---------- TASK DATA ----------

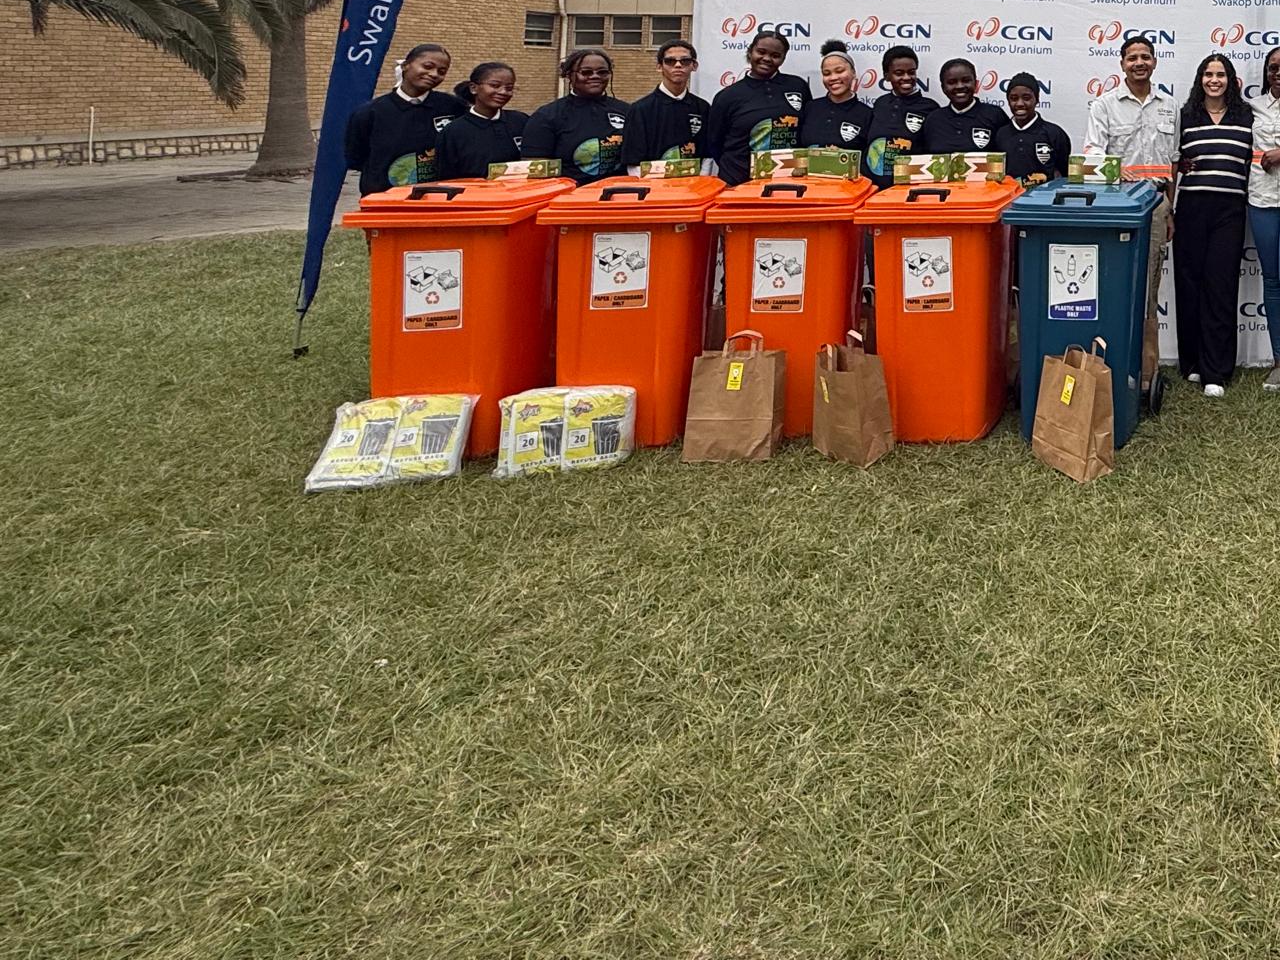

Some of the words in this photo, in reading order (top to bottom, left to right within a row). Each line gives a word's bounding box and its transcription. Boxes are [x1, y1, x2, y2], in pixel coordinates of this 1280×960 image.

[880, 23, 931, 39] CGN
[1001, 25, 1053, 41] CGN
[721, 41, 750, 51] Swak
[846, 42, 884, 54] Swakop
[966, 43, 1007, 56] Swakop
[1009, 45, 1052, 55] Uranium
[1088, 47, 1121, 57] Swako
[341, 433, 355, 443] 20
[402, 432, 414, 443] 20
[574, 434, 586, 444] 20
[522, 438, 535, 448] 20
[571, 456, 597, 464] REFUSE
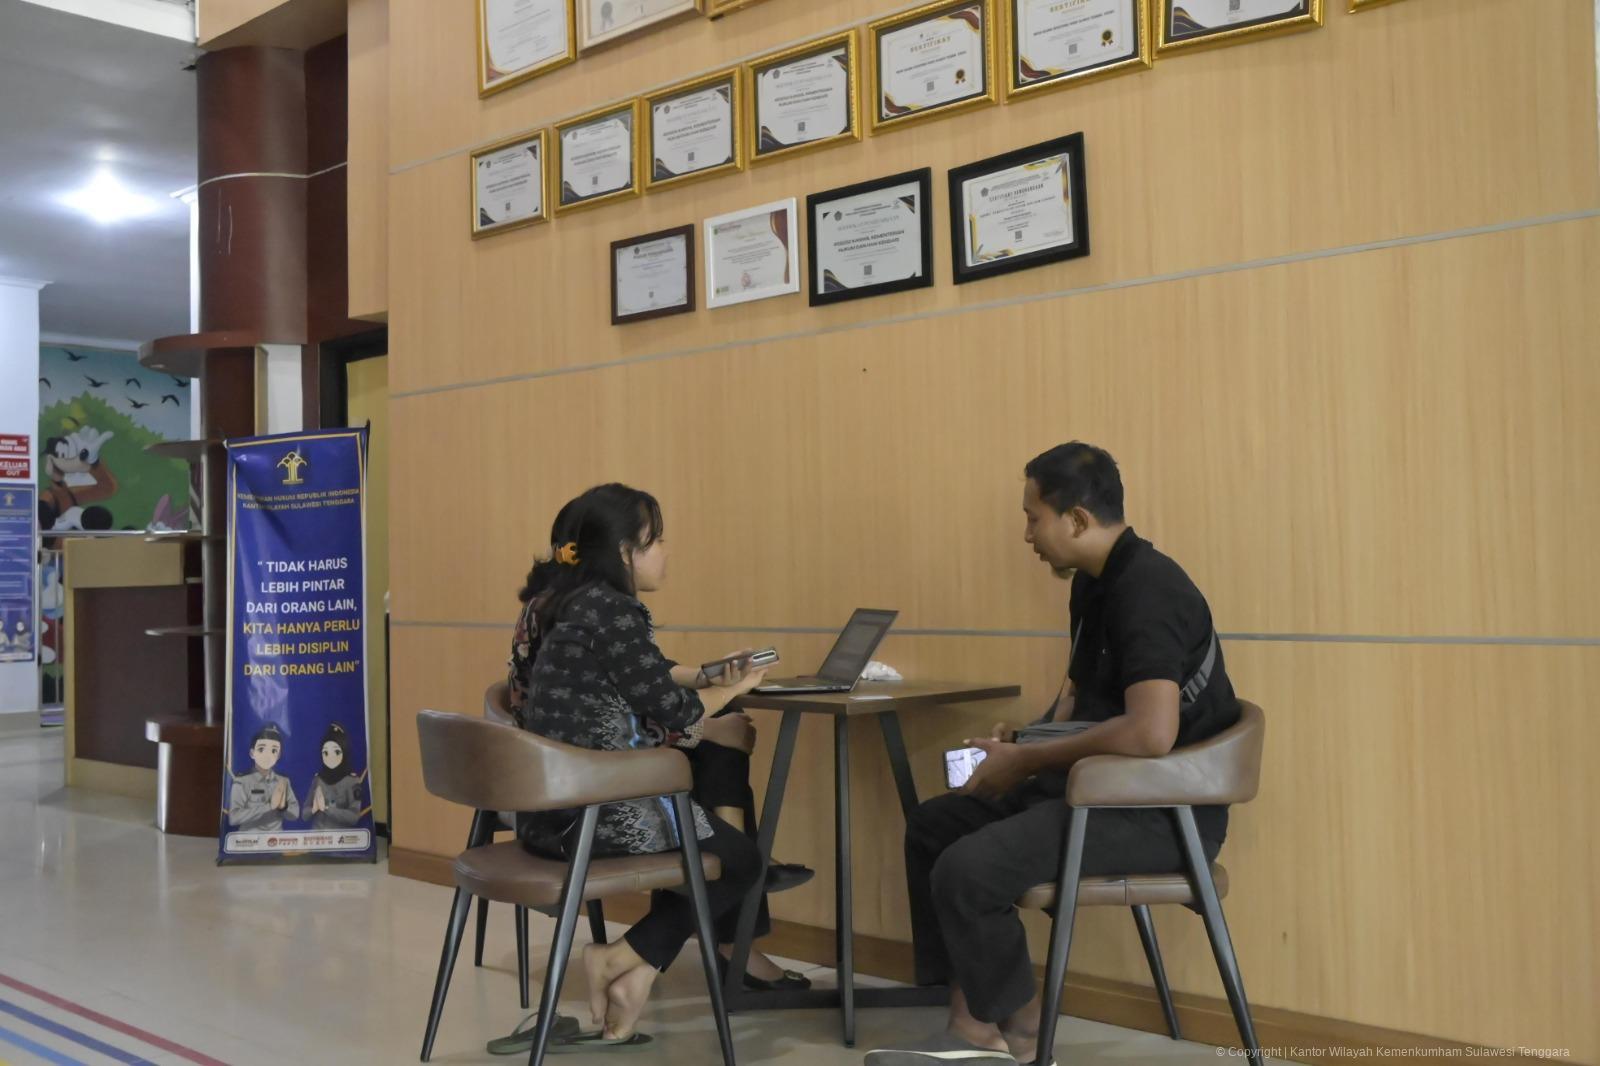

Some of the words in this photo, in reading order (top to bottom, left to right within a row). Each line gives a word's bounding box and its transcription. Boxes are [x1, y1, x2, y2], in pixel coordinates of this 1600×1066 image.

----------

**REQUIRED WORK**: Your answer must be an exact repeat of all the records, minus the pictures.

**RESPONSE**:
Some of the words in this photo, in reading order (top to bottom, left to right within a row). Each line gives a word's bounding box and its transcription. Boxes are [x1, y1, x2, y2], in pixel coordinates of this 1280×960 image.

[880, 23, 931, 39] CGN
[1001, 25, 1053, 41] CGN
[721, 41, 750, 51] Swak
[846, 42, 884, 54] Swakop
[966, 43, 1007, 56] Swakop
[1009, 45, 1052, 55] Uranium
[1088, 47, 1121, 57] Swako
[341, 433, 355, 443] 20
[402, 432, 414, 443] 20
[574, 434, 586, 444] 20
[522, 438, 535, 448] 20
[571, 456, 597, 464] REFUSE

Some of the words in this photo, in reading order (top to bottom, left to right within a row). Each line gives a word's bounding box and its transcription. Boxes are [x1, y1, x2, y2], in pixel coordinates of this 1600×1066 image.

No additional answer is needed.